Novel integrated plasmids and genome islands in S. aureus and S. epidermidis. Shown are the schematic diagrams of integrated plasmids of νSe1 in S. epidermidis RP62a (A), νSe2 in S. epidermidis ATCC 12228 (B), νSaγ in S. aureus COL (C), and νSeγ in S. epidermidis RP62a (D). ORFs are marked in the direction of transcription as arrows and are colored according to functional categories as indicated. Positions within the respective genomes are indicated as genome coordinates on the ends of each schematic. Putative functions of selected ORFs accompany the gene locus number. Putative functions of all ORFs and their locus numbers are presented in Supplementary Table 2.

FIG. 3.

Phylogenetic analysis and organization of the Cap operon in S. epidermidis RP62a. Homologs of S. epidermidis RP62a Cap operon (E) were identified by BLASTP of the WU-BLAST formatted database of all complete bacterial genomes. Each gene in the Cap operon was aligned against respective homologs with ClustalW, and phylogenetic trees were generated with Belvu for gamma-glutamyltranspeptidase (A), CapA (B), CapC (C), and CapB (D). Organization of the S. epidermidis RP62a and B. anthracis Cap operons is shown in schematics E and F, respectively. Positions within the respective genomes are indicted as genome coordinates on the ends of each schematic.
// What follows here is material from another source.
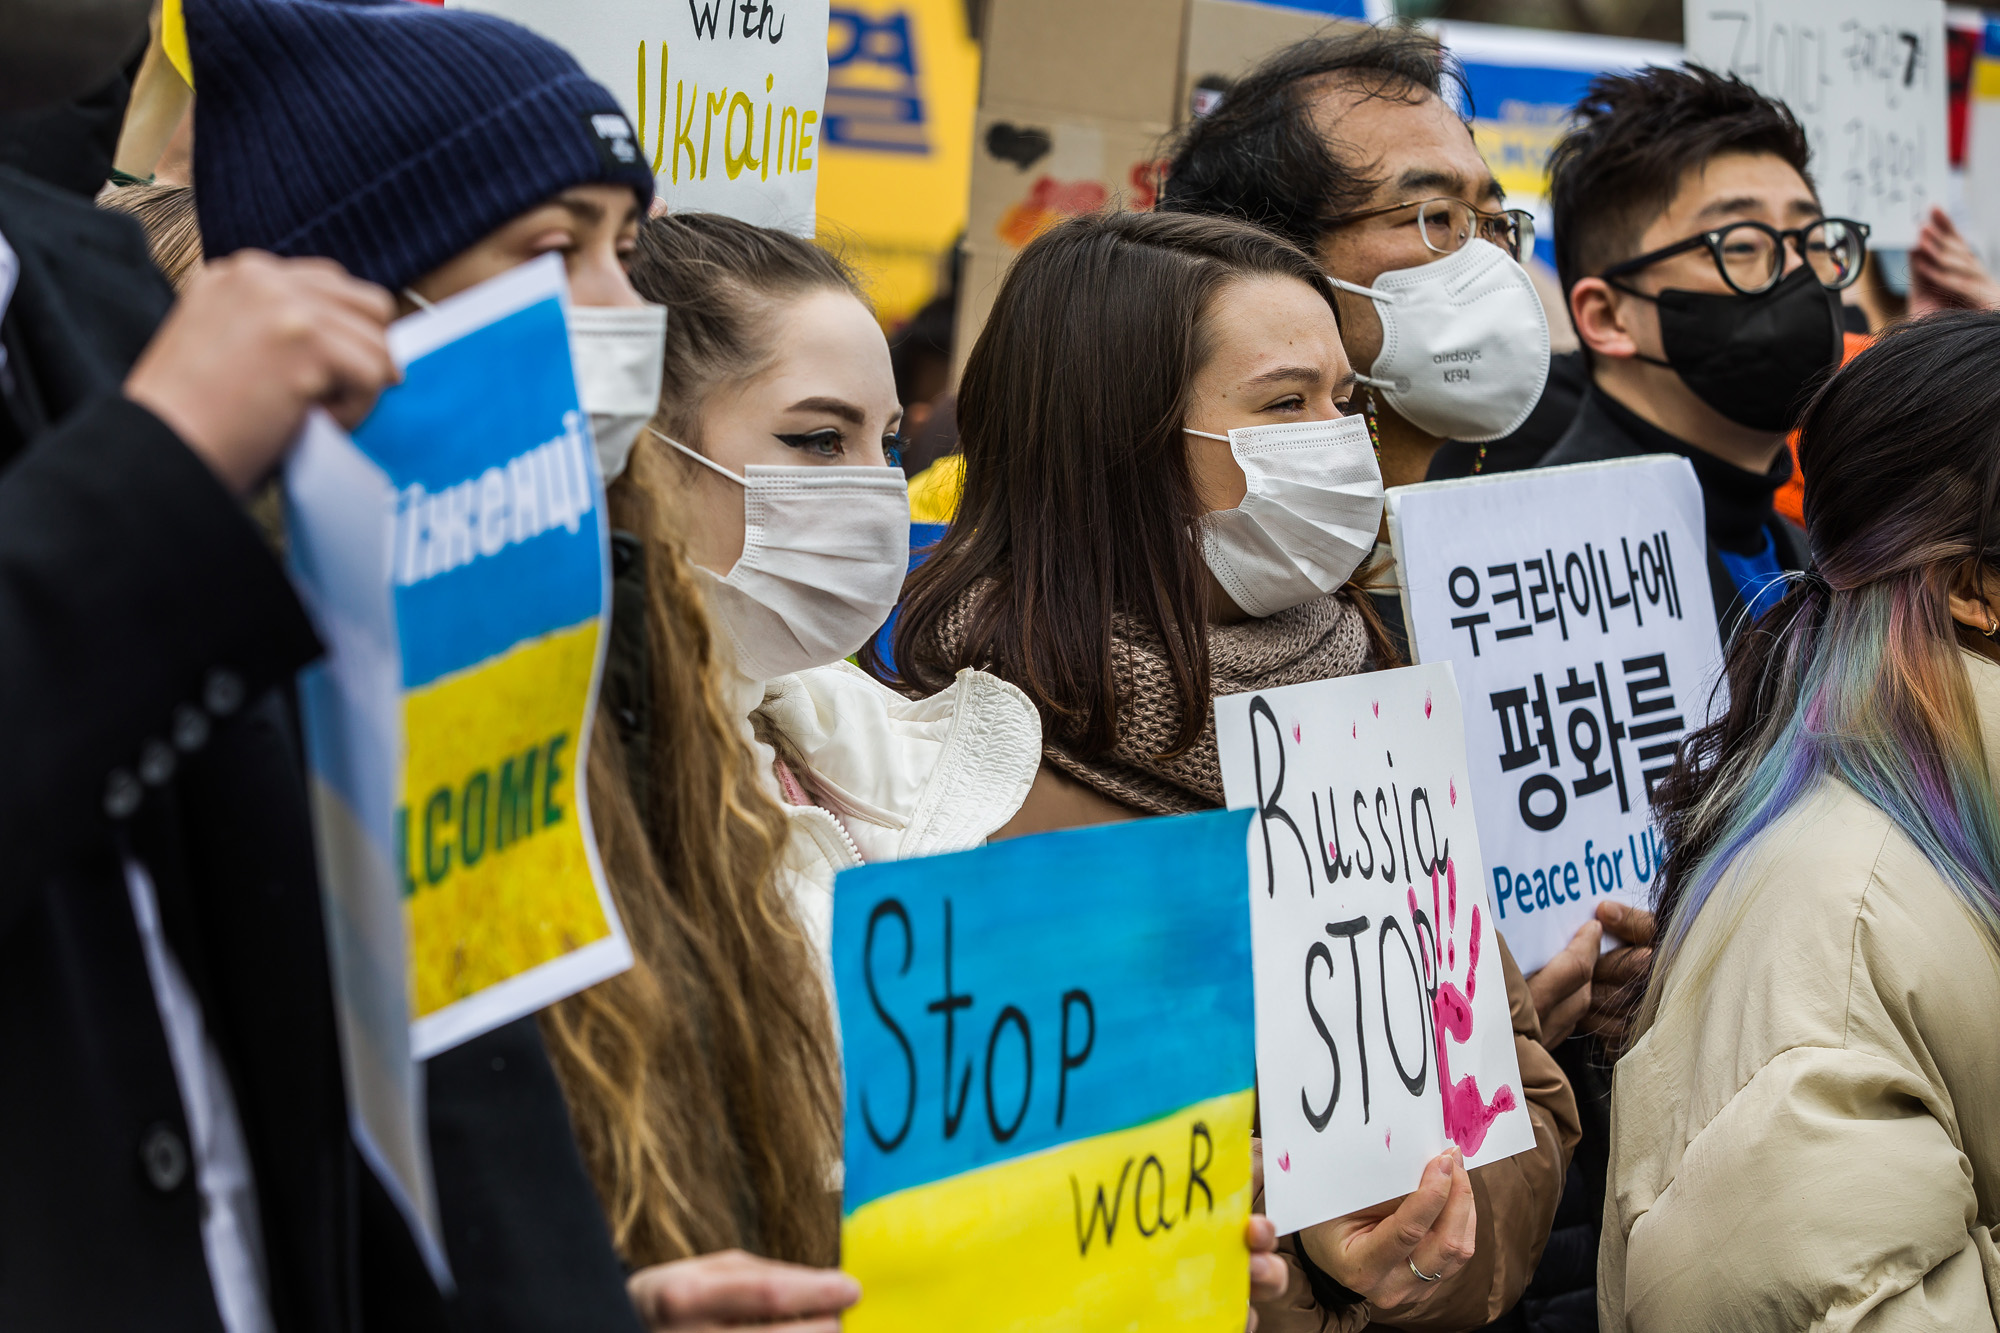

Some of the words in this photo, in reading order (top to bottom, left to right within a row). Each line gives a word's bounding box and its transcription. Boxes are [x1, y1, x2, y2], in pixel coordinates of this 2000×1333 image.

BLASTP e values determined from homolog search results are shown between each ORF in schematics E and F. GenBank accession numbers are in parentheses and accompany all matches on the phylogenetic tree.

FIG. 4.

Overview of metabolism and transport in S. aureus and S. epidermidis. Pathways for energy production, metabolism of organic compounds, and synthesis of carotenoids are shown. Orange text, processes unique to S. aureus; green text, processes unique to S. epidermidis. Transporters are grouped by substrate specificity as follows: inorganic cations (green); inorganic anions (pink); carbohydrates and carboxylates (yellow); amino acids, peptides, amines, and purines and pyrimidines (red); and drug efflux and other (black). Question marks indicate uncertainty about the substrate transported. Export or import of solutes is designated by the direction of the arrow through the transporter. The energy-coupling mechanisms of the transporters are also shown: double-headed arrow, solutes transported by channel proteins; two arrows, secondary transporters, indicating both the solute and the coupling ion; single arrow, transporters with an unknown energy coupling mechanism. ATP-driven transporters are indicated by the ATP hydrolysis reactions. Components of transporter systems that function as multisubunit complexes that were not identified are outlined with dotted lines. Where multiple homologous transporters with similar substrate predictions exist, the number of that type of transporter is indicated in parentheses.